Apple Rebounds on Services and Non-iPhone
Apple reported second-quarter earnings slightly above dampened expectations, indicating stabilization. Here are our takeaways:
- March results were slightly better than expectations, but most importantly, there weren’t any negative surprises.
- Guidance was not only 2% better than expected, but it represents less of a seasonal March-to-June decline. Adjusting for FX, the midpoint of revenue guidance for June will be down 7% compared to a typical March-to-June seasonality of down 15%.
- China is improving. We think iPhone in China went from down 40% last quarter to down 28%.
- Apple’s Non-iPhone business, led by wearables and iPad, was stronger than expected.
- Services accounted for one-third of Apple’s gross profits this quarter. Growth is slower but should stabilize around 15%+.
- Capital return could move shares 28% higher over the next five years.
Things are improving, specifically, in Greater China where overall revenue was down 36% in Q1. We estimate Greater China iPhone revenue was down 28% y/y vs. 40% y/y last quarter. This is a sign of stabilization that Apple partly attributes to making iPhone “price adjustments,” which we view as essentially lowering the purchase price through a more aggressive trade-in program. These moves are representative of Apple’s newfound leeway to experiment with pricing, given they no longer report iPhone units and ASPs.
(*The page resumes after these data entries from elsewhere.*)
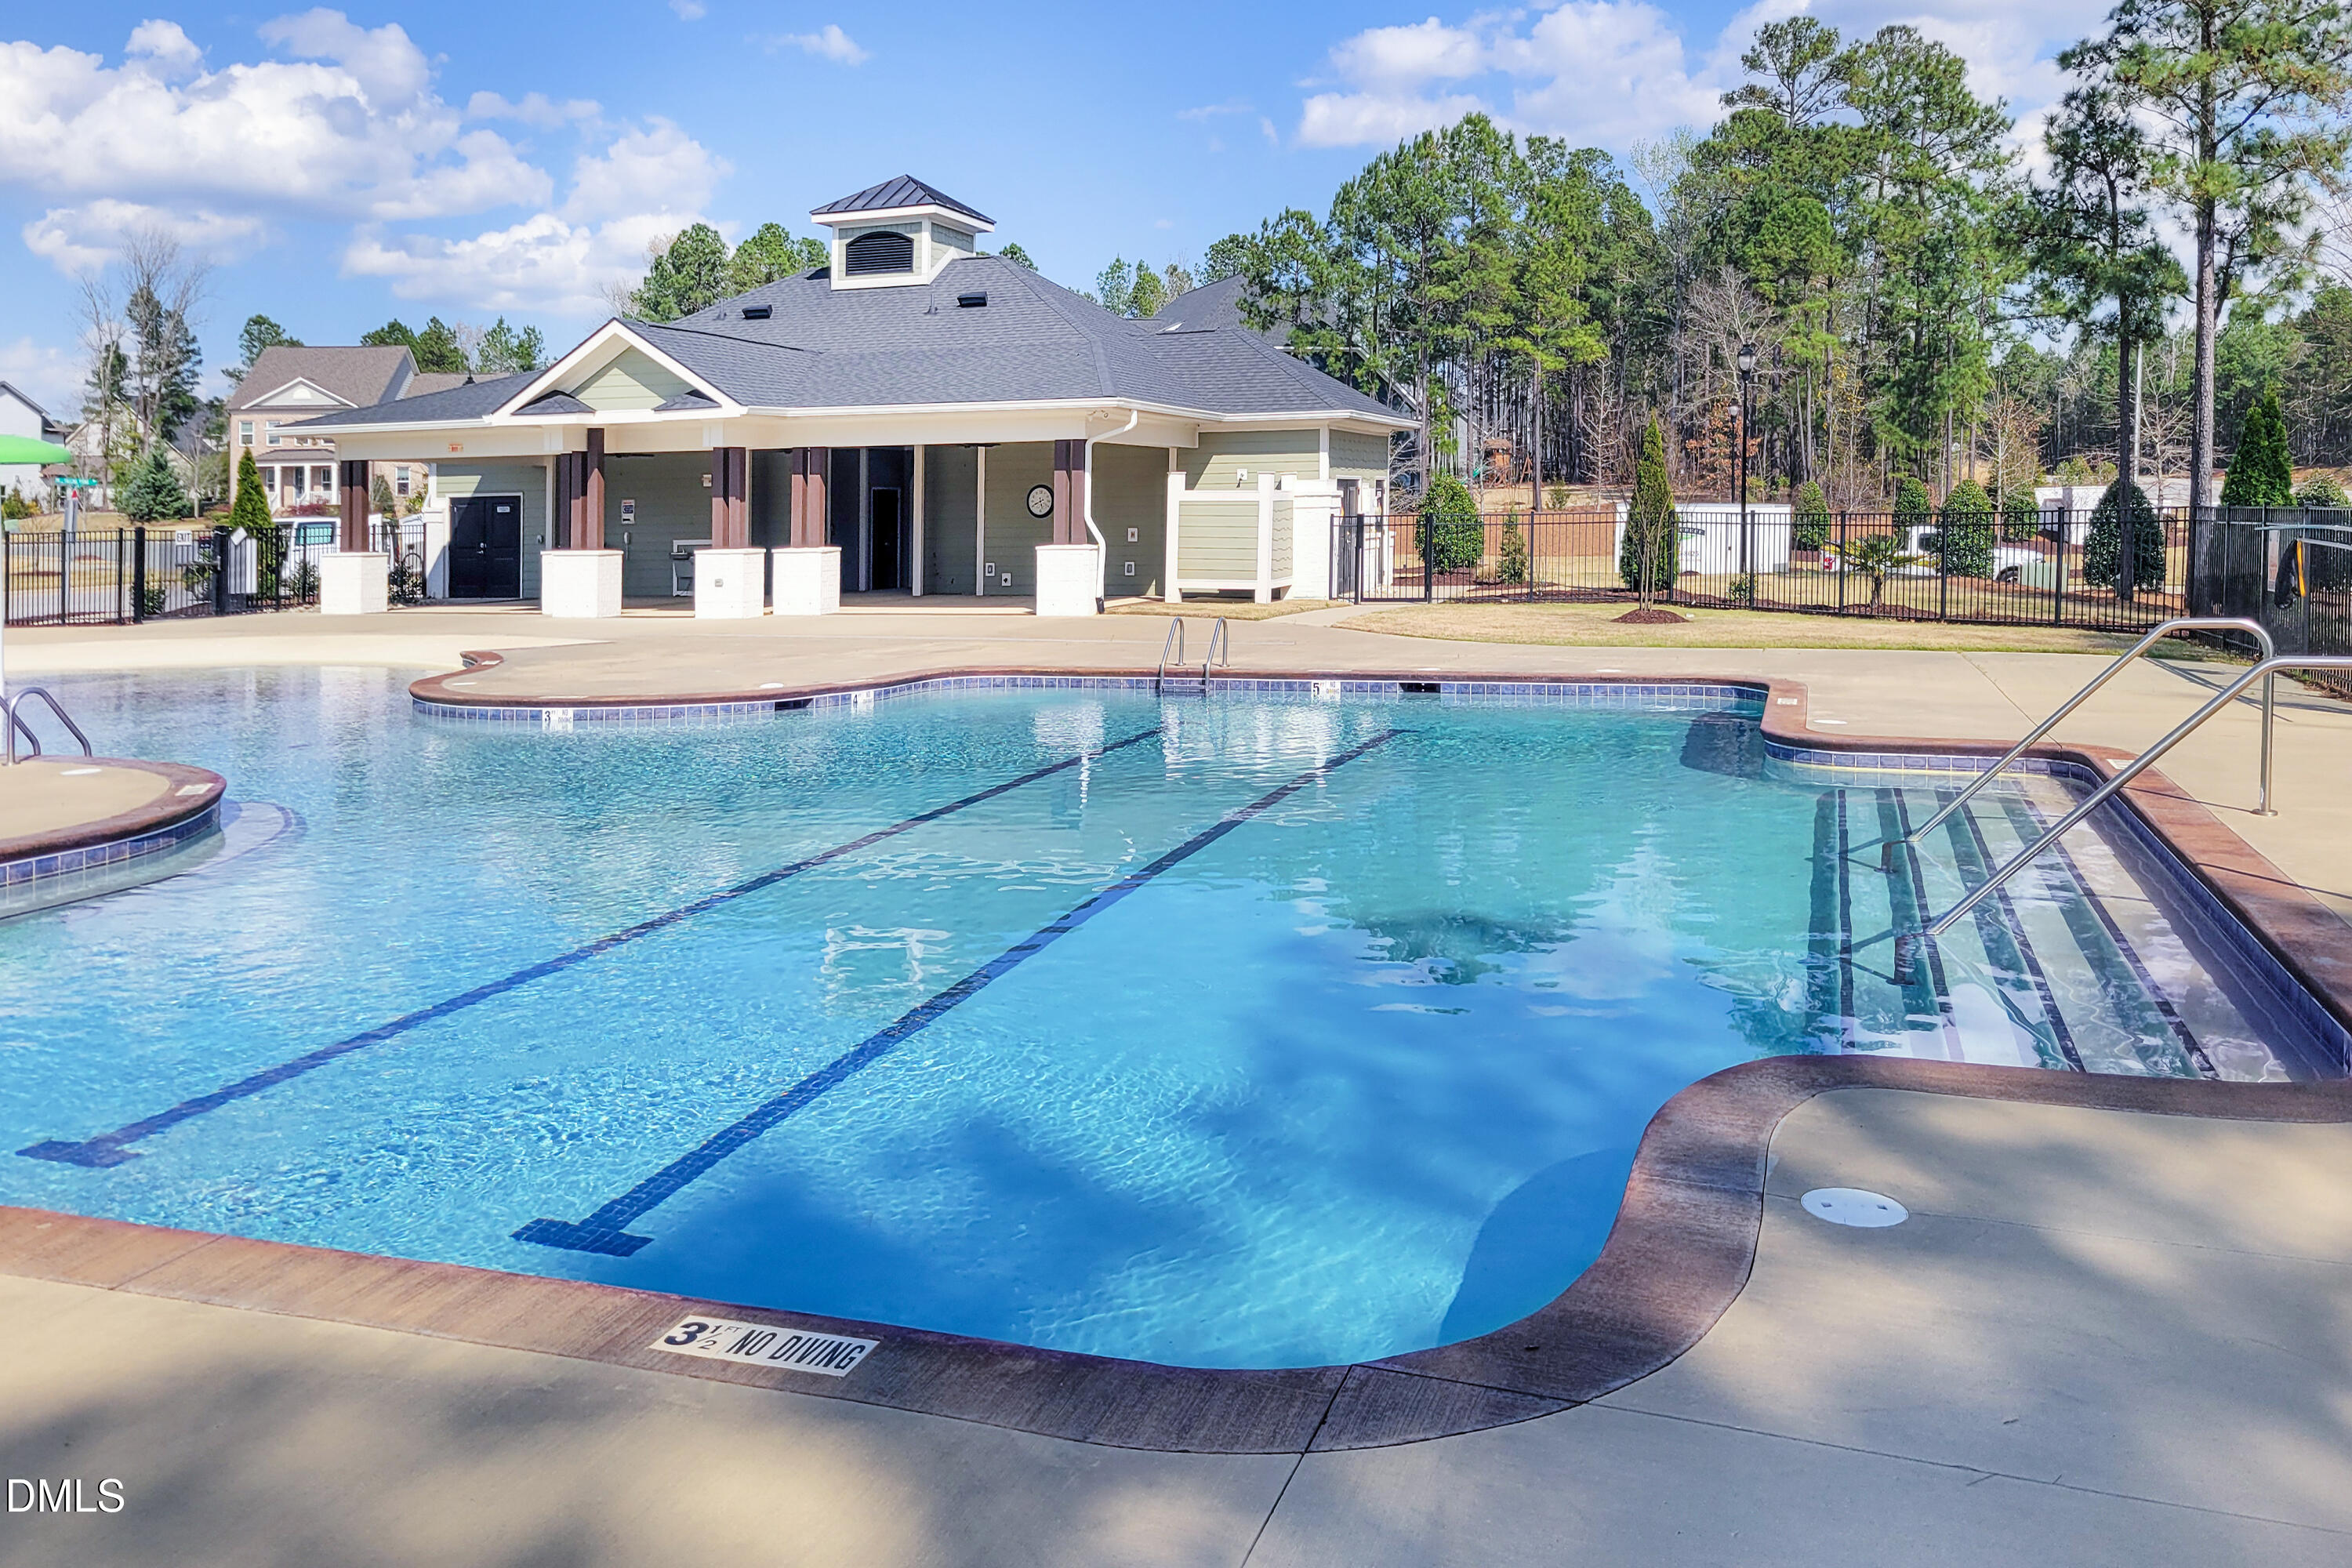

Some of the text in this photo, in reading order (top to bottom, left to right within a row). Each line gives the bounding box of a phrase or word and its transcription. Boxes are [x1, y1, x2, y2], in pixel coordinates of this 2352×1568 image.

[1313, 682, 1320, 696] 5
[544, 710, 551, 722] 3
[725, 1329, 778, 1356] NO
[767, 1334, 866, 1370] DIVING
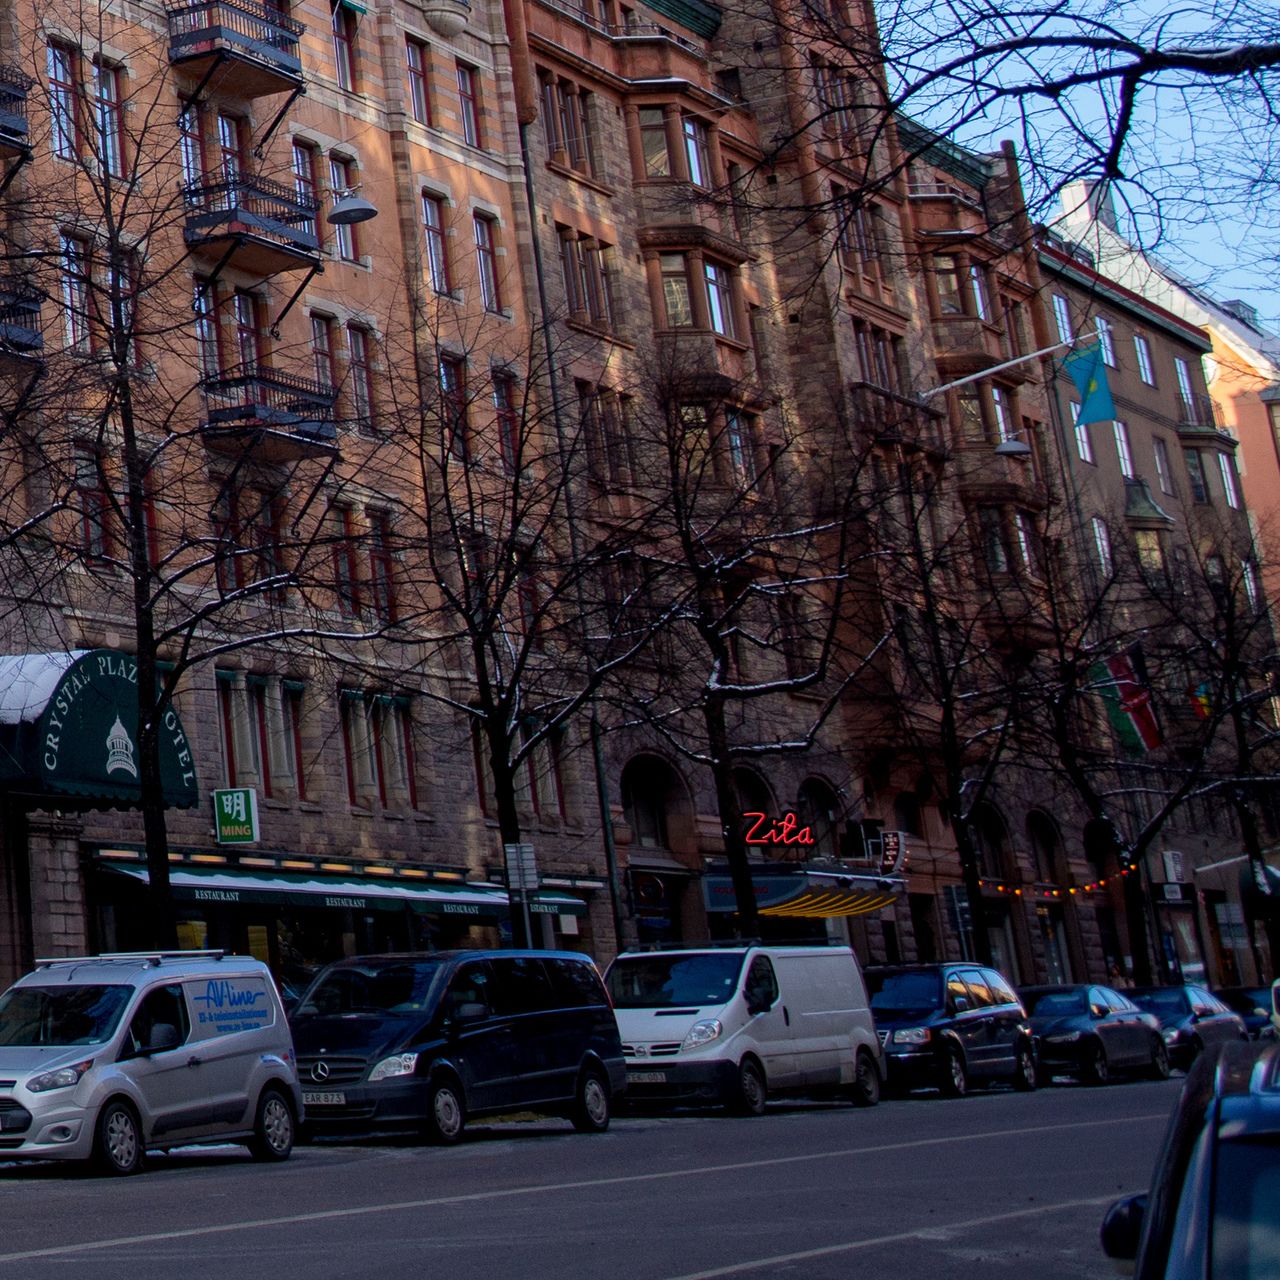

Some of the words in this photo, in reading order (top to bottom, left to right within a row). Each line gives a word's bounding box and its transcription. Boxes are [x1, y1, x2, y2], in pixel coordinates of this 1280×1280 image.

For the second quarter in a row, Apple’s non-iPhone business has been stronger than expected. Wearables (now about 10% of revenue) was up 50% y/y compared to up 33% last quarter. iPad also grew 22% (its highest growth in six quarters) on strong sales of the new iPad Pro. Growth in non-iPhone revenue is evidence of strength in the Apple ecosystem and should slowly help investors get comfortable moving beyond the iPhone cycle story in the coming quarters. The focus on services is justified.
Services Focus Is Justified
Services this quarter accounted for 20% of revenue and 33% of gross profit. Apple’s focus on Services is justified. It is not an attempt to distract investors from declining iPhone sales, it is the natural extension of the hardware/software ecosystem Apple has built. Services’ 15%+ revenue growth will likely continue as every segment within Services was up double digits in Mar-19.
The $75B addition to the buyback was below our $100B expectation, and the 5% dividend increase was below our 16% expectation. Despite that fact, returning capital to investors still represents a lever that could move shares 28% higher over the next five years. This is based on returning $50B per year ($250B total) in cash from operations along with the outstanding $113B in net cash on the balance sheet on their way to “net cash neutral.” Assuming the stock goes up and, over the next five years, the weighted average market cap is $1.3T, the $363B in capital return would theoretically move shares 28% higher.
Valuing the Ecosystem
We believe the Street is systematically undervaluing Apple’s ecosystem by focusing on hardware sales instead of revenue and earnings growth and optionality. This weighs heavily on Apple’s multiple, which is 15x forward earnings. We believe Apple has become a staple in about a billion people’s lives. While it may not seem like an appropriate comp, a consumer staples company like Coca-Cola, which has accomplished something similar, trades at 22x forward earnings. Applying that multiple to our estimated $16.44 in 2021 earnings yields a 73% higher share price. We believe Apple should receive more credit for the durable and sticky ecosystem it has built.